Left: the Translohr guide rail (green) and the tram's guide wheels (red). Right: a guide rail and guide wheel of Bombardier's GLT

A recent development of tramway technology has been the guided bus (or tram on tyres), a rubber-tyred vehicle guided by a fixed rail in the ground, which draws current from overhead electric wires like a conventional tram.

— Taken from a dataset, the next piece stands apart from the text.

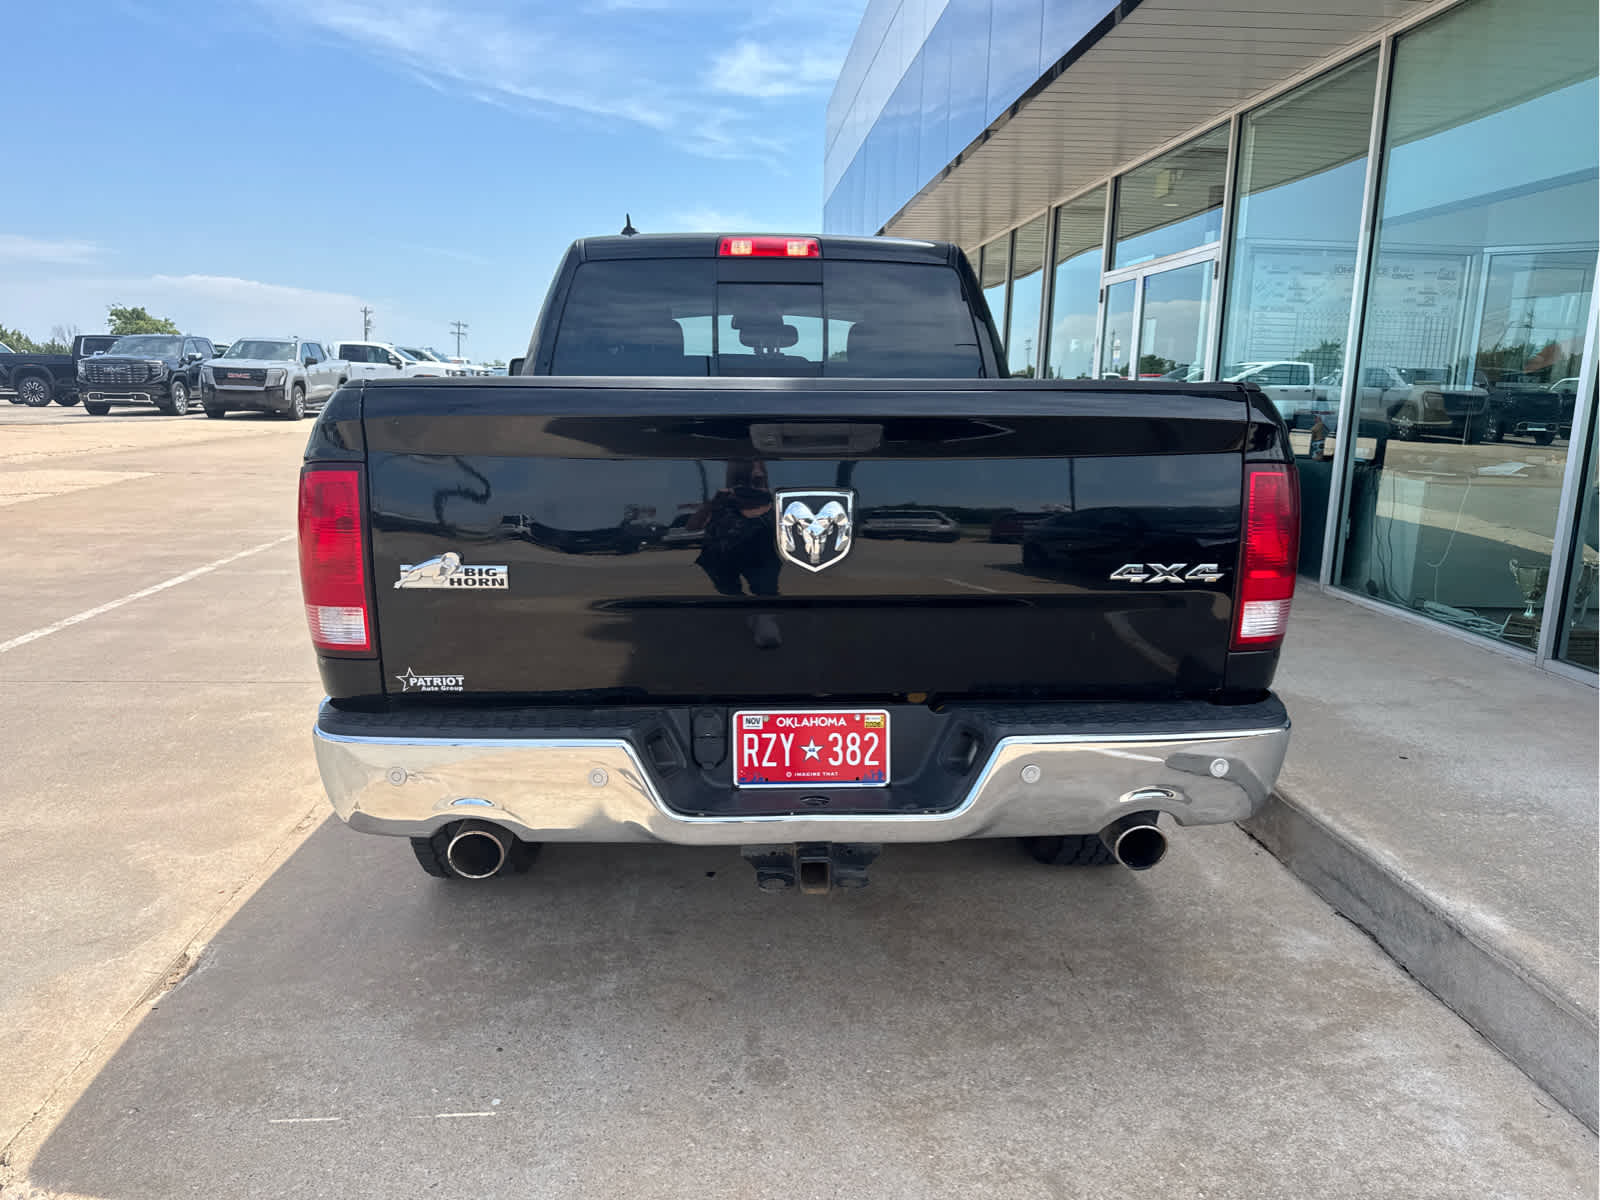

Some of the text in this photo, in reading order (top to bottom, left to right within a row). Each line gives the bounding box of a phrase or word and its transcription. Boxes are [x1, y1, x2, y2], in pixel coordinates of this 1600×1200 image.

Two incompatible systems exist:
- The Guided Light Transit designed by Bombardier Transportation which has been adopted in Nancy and Caen. Here a double flanged wheel between the rubber tyres follows the guidance rail.
- The Translohr system, used along a 14-km line at Clermont-Ferrand, where a special rail is grasped by a pair of metal guide wheels set at 45° to the road and at 90° to each other.

In both cases the weight of the vehicle is borne by rubber tyres on bogies to which the guide wheels are attached. Power is supplied by overhead lines, or on the Caen tramway until 31 December 2017, (when it was closed to be converted to a conventional steel wheel tramway now in operation since 27 July 2019), and the Nancy tramway by onboard diesel engines in areas where there are no overhead wires.

The Translohr system is intended for guidance-only operation, whereas the Bombardier system can be driven as a normal bus as requirements dictate, such as journeys to the depot. Unlike rail trams, the vehicles have a steering wheel, though it is not used when following the guidance rail. Because the Translohr tram cannot move without guidance, it is not classified as a bus. Hence the Translohr vehicles in Clermont-Ferrand are not equipped with licence plates.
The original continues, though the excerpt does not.